En el Palacio, la gente aclama al infante don Francisco y a la familia real, intentando impedir su marcha. José Lueco, vecino de Madrid y fabricante de chocolate, está junto al carruaje que sigue detenido en la puerta del Príncipe. En el tumulto, y mientras el infante se asomaba al balcón, Lueco acaba de cortar con su navaja, ayudado por Juan Velázquez, Silvestre Álvarez y Toribio Rodríguez —el primero mozo de mulas y los otros mozos de caballos del conde de Altamira y del embajador de Portugal—, las riendas del tiro del carruaje. Entre la multitud aparecen dos uniformes franceses, y todos se precipitan sobre ellos, los zarandean, desgarran su ropa, y habrían sido descuartizados allí mismo de no interponerse el exento de Guardias de Corps Pedro de Toisos.

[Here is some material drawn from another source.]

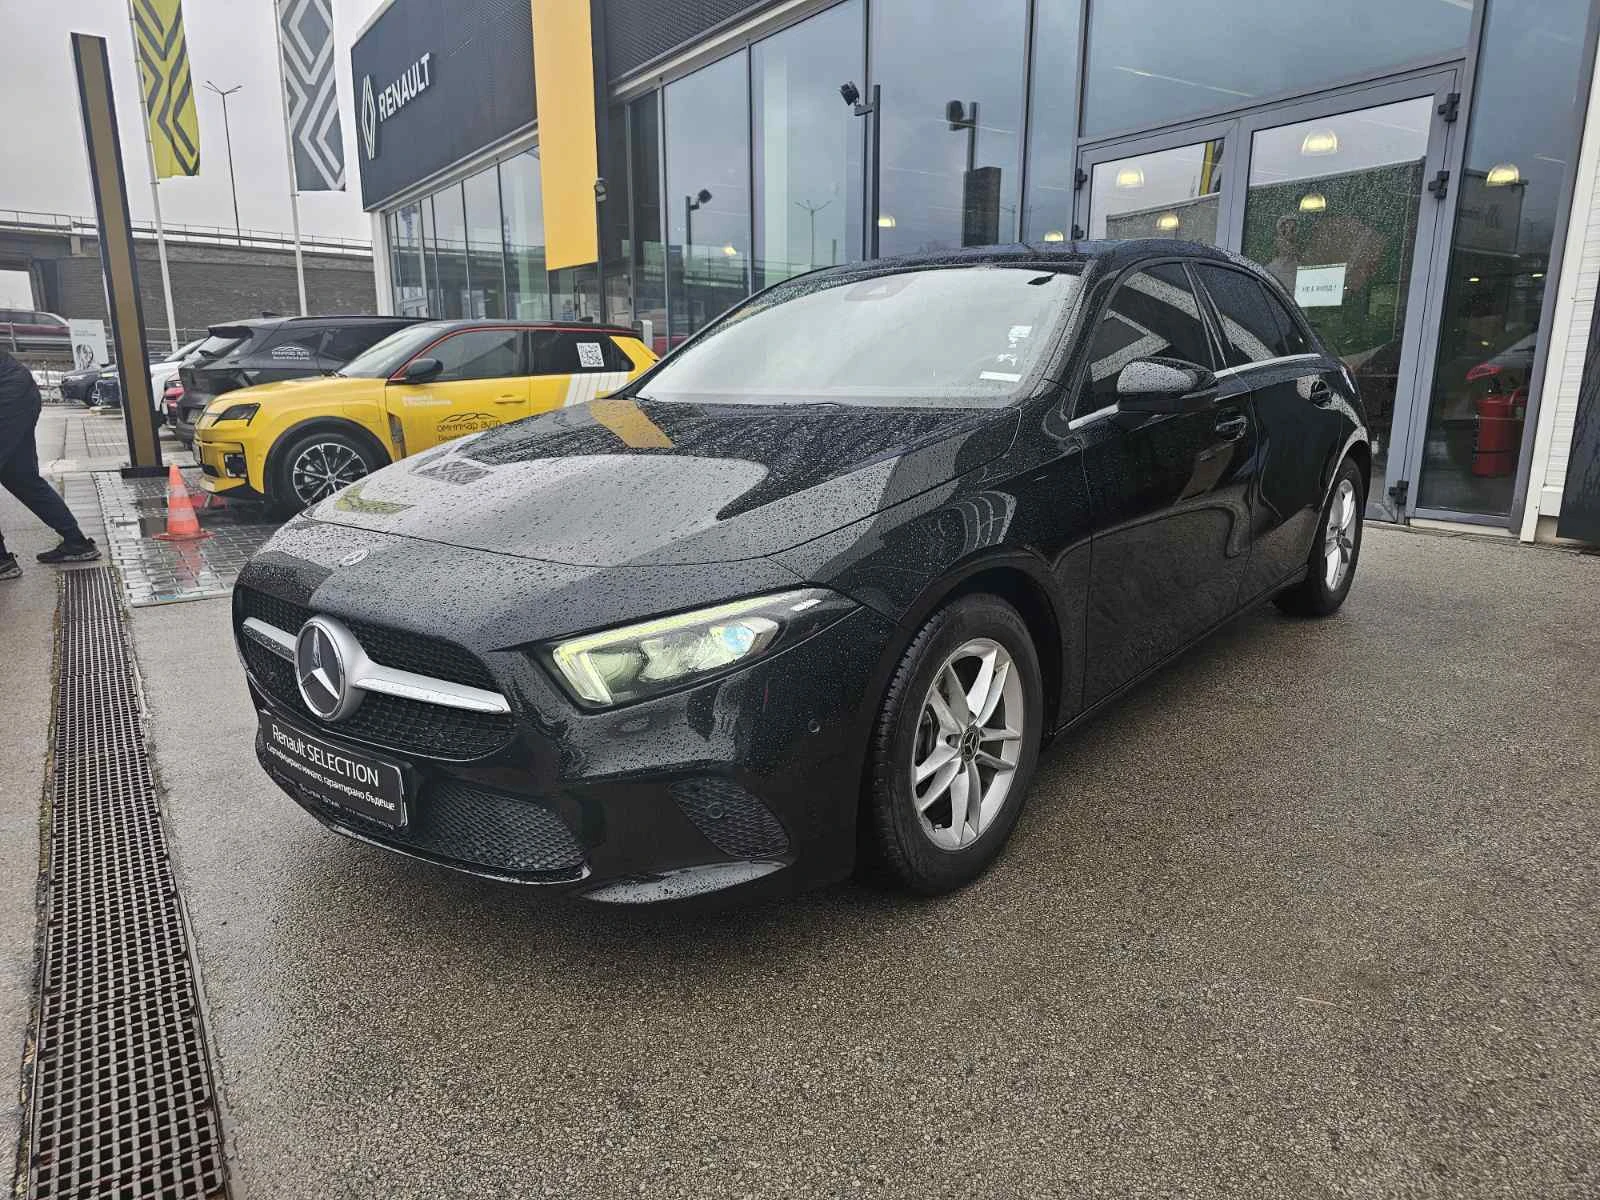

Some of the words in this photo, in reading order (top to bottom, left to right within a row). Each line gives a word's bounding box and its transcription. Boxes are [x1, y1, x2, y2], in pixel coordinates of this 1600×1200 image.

La primera fuerza francesa que desemboca en la explanada, un poco antes de las diez de la mañana, son ochenta y siete hombres del batallón de granaderos de la Guardia imperial que custodia la residencia del duque de Berg en el palacio Grimaldi. Al llegar a la explanada se ven reforzados por dos tiros de caballos arrastrando cañones de a veinticuatro libras y por el resto de la infantería que abandona San Nicolás. El oficial al mando tiene órdenes directas de Murat: repetir la acción de castigo que tan buenos resultados dio a Napoleón en El Cairo, en Milán, en Roma, y últimamente al mariscal Junot en Lisboa. Las órdenes se suceden con rigor militar, los artilleros desenganchan las cureñas de cañón de sus tiros y los ponen en batería, cargándolos con metralla, y los granaderos se alinean disponiendo los fusiles frente al medio millar de personas congregadas ante el edificio.